Solimene’s mom told Hayasaki that she felt obliged to bring them together. She has read many professional studies on the psychology of twins.

“I thought I’d find this little orphan and bring her here, and Sister Solimene would be the seventh child in our family,” she said.

The mother was determined to find Nguyen. Hayasaki writes that she visited Vietnam, where she questioned the orphanage workers for directions. Tried to get adoption files. But there were too many privacy rules. It was especially difficult because she didn’t know Vietnamese.

Finally, she asked a local woman for help. She had many contacts in the region and became her eyes and ears.

Hayasaki describes the search for Nguyen in her book. She told how the journey began with local rumors about the twins’ biological mother. People said she put them up for adoption because she couldn’t afford to feed them.

The Vietnamese woman discovered that Nguyen was raised by her biological aunt and her partner. The Vietnamese woman explained the situation to all three.
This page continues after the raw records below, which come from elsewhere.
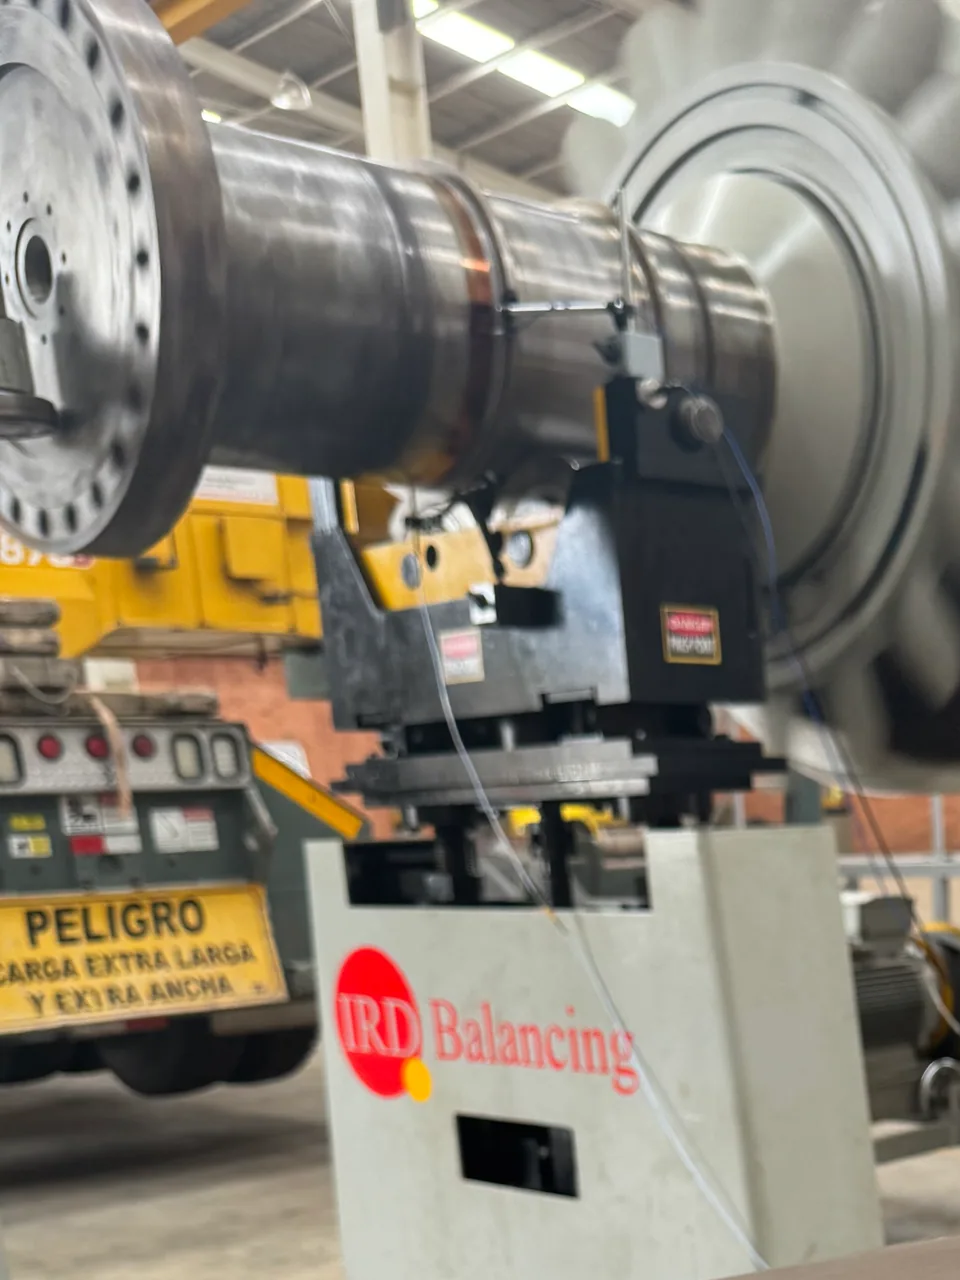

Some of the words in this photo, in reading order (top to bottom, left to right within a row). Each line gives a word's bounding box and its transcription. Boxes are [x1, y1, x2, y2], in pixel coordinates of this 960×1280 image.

[26, 898, 205, 948] PELIGRO
[86, 947, 169, 978] EXTRA
[177, 942, 256, 966] LARGA
[28, 992, 45, 1014] Y
[56, 983, 141, 1013] EXTRA
[150, 974, 235, 1002] ANCHA
[336, 993, 422, 1059] IRD
[429, 998, 640, 1095] Balancing
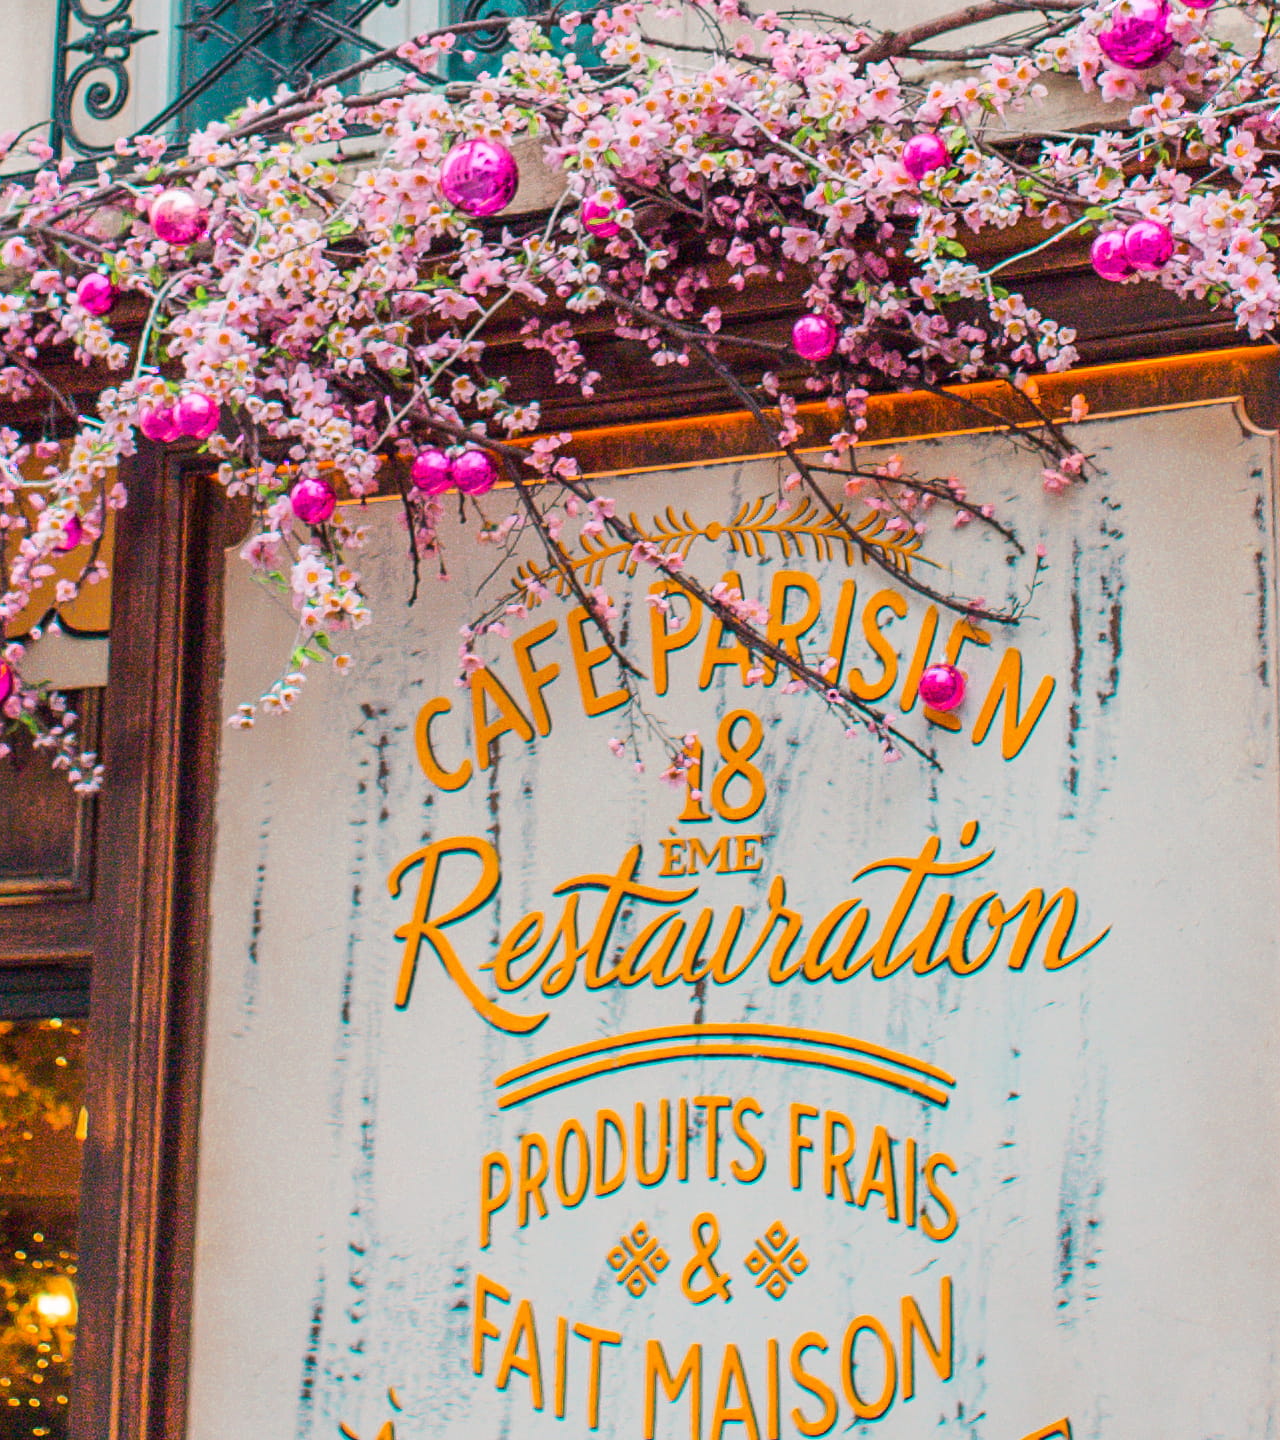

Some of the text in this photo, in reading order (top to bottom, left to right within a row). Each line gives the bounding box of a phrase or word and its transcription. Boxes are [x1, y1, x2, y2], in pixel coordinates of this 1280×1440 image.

[649, 569, 1056, 761] PARISIEN
[677, 708, 768, 823] 18
[387, 820, 1110, 1036] Restauration
[479, 1095, 960, 1251] PRODUITS FRAIS
[680, 1211, 733, 1304] &
[472, 1272, 624, 1431] FAIT
She showed them a picture of Solimene – it might as well have been a picture of Nguyen.

Solimene’s mother visited the family in July 2008. She played movies of her foster daughter playing her favorite sport.

Nguyen told Hayasaki that she felt overwhelmed. She remembered how the Vietnamese woman explained her conversation. At one point, Solimene’s mother asked Nguyen, “Do you want to get in my suitcase and come with me to America?”
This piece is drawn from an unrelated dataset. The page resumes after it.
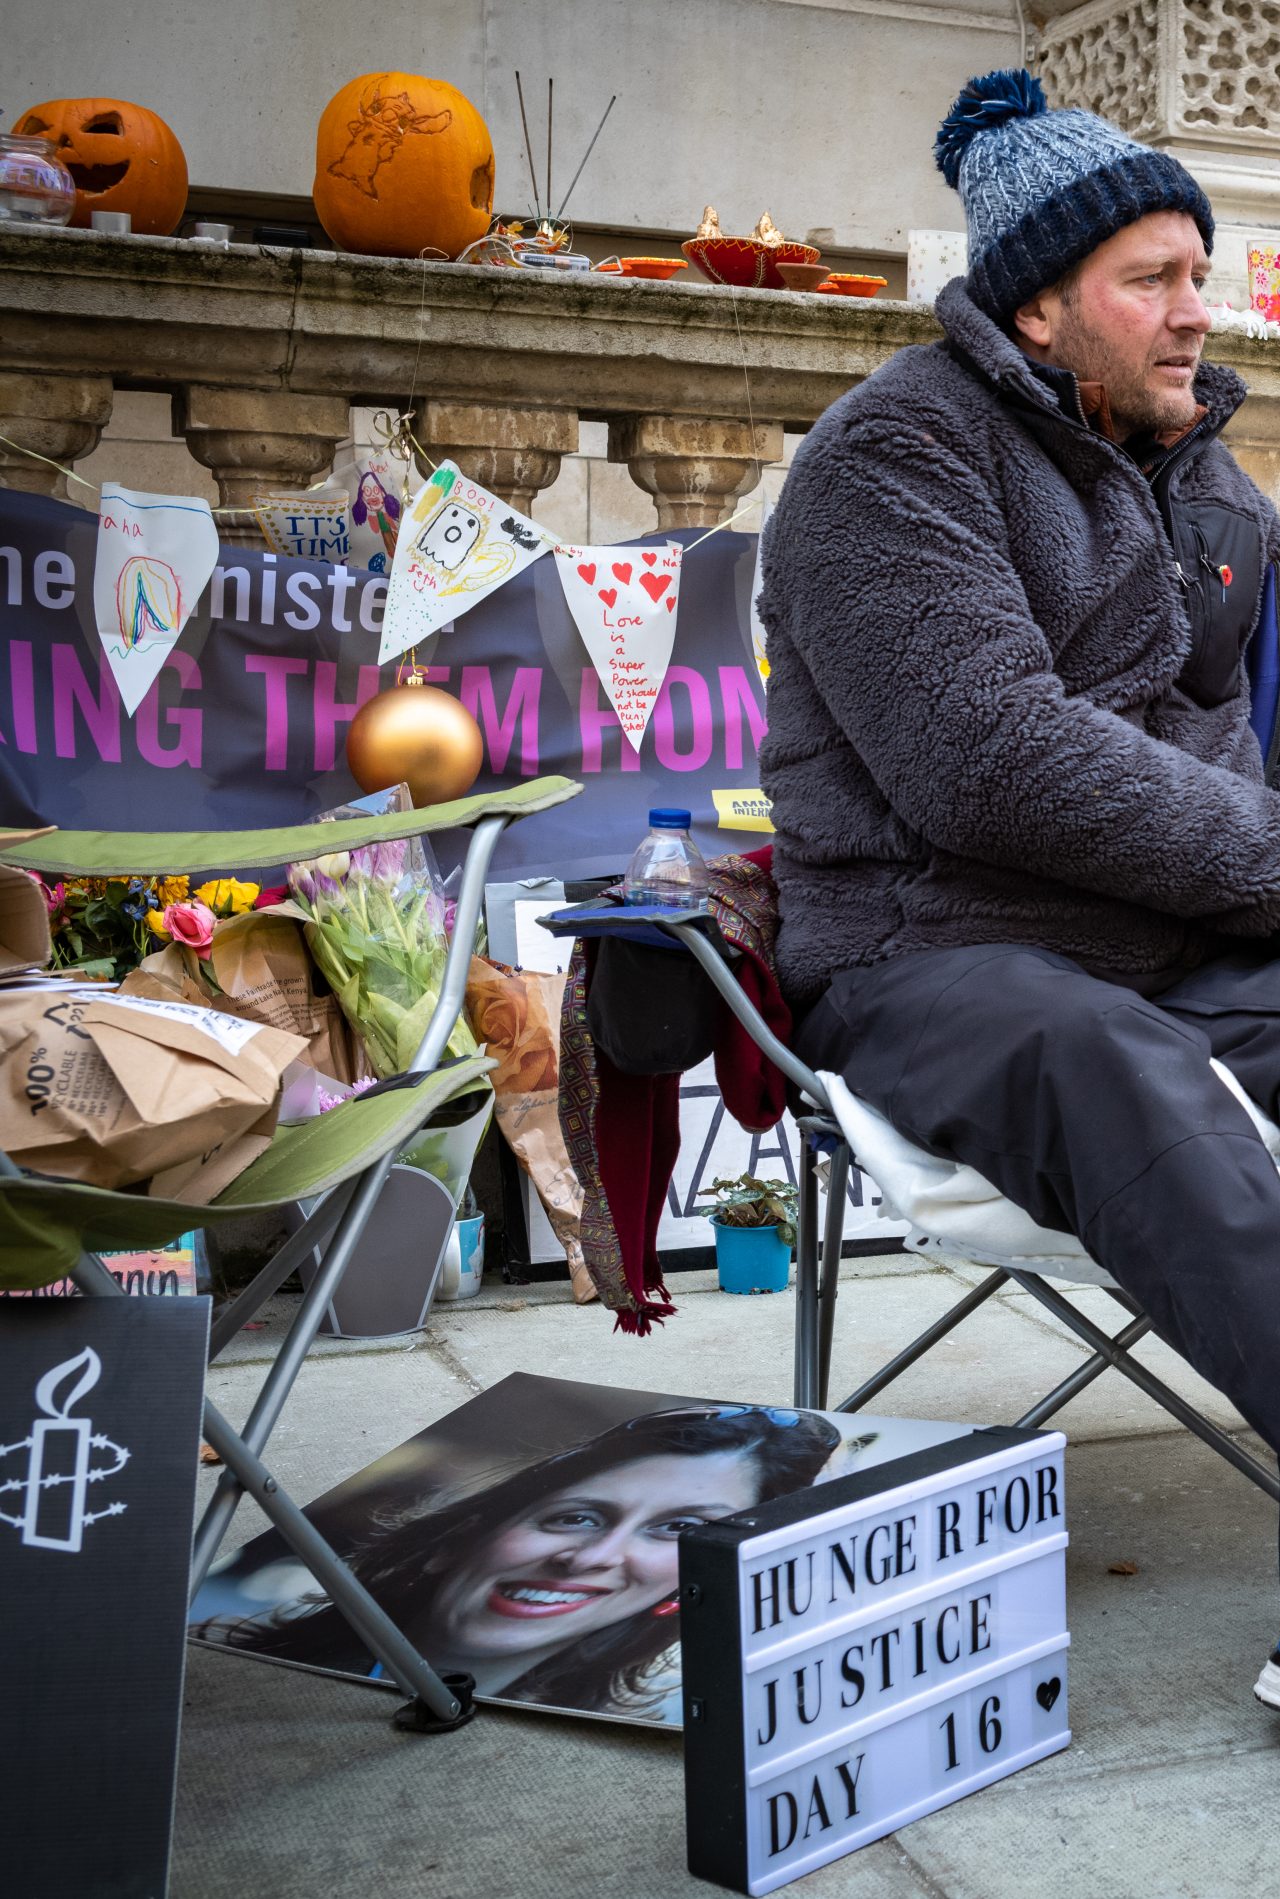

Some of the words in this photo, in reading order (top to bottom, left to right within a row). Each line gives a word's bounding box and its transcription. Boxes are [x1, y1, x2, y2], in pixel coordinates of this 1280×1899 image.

The twins met again in 2011 at the age of 13.

Nguyen was shocked. As Hayasaki describes, she said firmly in Vietnamese, “No.” “Its defenses suddenly went up,” writes the author of the book.

The girl wondered if it was a scam. She wasn’t sure that the American was her sister’s mother at all. She told the translator that she wanted to meet Solimene in person. The American replied that she would bring her.

The woman began transferring money to Nguyen’s parents to help them with the cost of raising the girl. As Hayasaki said, she questioned her white privilege and her desire for Nguyen to come to the US.

“Do you know who I am, to think that I will come here and save this little girl?” She told Hayasaki. “She is so happy,” she added.

In 2011, she decided to fly from Solimene to Vietnam. The twins met again at the age of 13.

Hayasaki wrote that the meeting that took place at the airport was awkward. The girls compared their features, but their hairstyles differed. They couldn’t communicate due to the language barrier and noise at the airport.

Solimene, who was always aloof, said her body went numb when Nguyen hugged her. She said she felt offended because she already had sisters in the US and didn’t want another one. But Nguyen was very touched and did not notice it.

The beginning was sluggish. Hayasaki wrote that the twins began to establish contact with each other. They talked about their childhood. They laughed when Solimene remembered that a child had been tormenting her by blocking the playground slide. Nguyen said she never had a slide like this. “I would be tormented if my pebbles were taken,” she told her sister.

“We have similar scars in similar places,” Solimene told Hayasaki. “We have various small cuts and birthmarks all over the body,” she explained.

Nguyen and Solimene attended the same college in the US

The Solimene family paid Nguyen to study at an elite private school in Vietnam. They rented an apartment so her parents could live nearby. They also gave Nguyen the latest electronics including laptop and iPhone.

In 2016, Nguyen decided to graduate from high school in Chicago. She confessed to Hayasaki that it was difficult to leave Vietnam. She said after saying goodbye to her parents and boarding the airport bus, she thought, “This is not forever. This is a normal goodbye. I’ll be back.”

Twins became inseparable as Nguyen got used to living in the USA. They graduated from high school in 2018 and studied at the same university for four years.

Solimene told Hayasaki that her sister helped a lot to become more emotionally present. – It allowed me to grow in an environment that is a safe space. I’ve always felt that he was supporting me, she explained.

Nguyen said she was happy her twin chose a career in diplomacy, even if that meant once again they had to be thousands of kilometers apart.

“I know she’ll tell me the same,” Nguyen told Hayasaki. “And I know we’ll always find a way to get back together,” she said.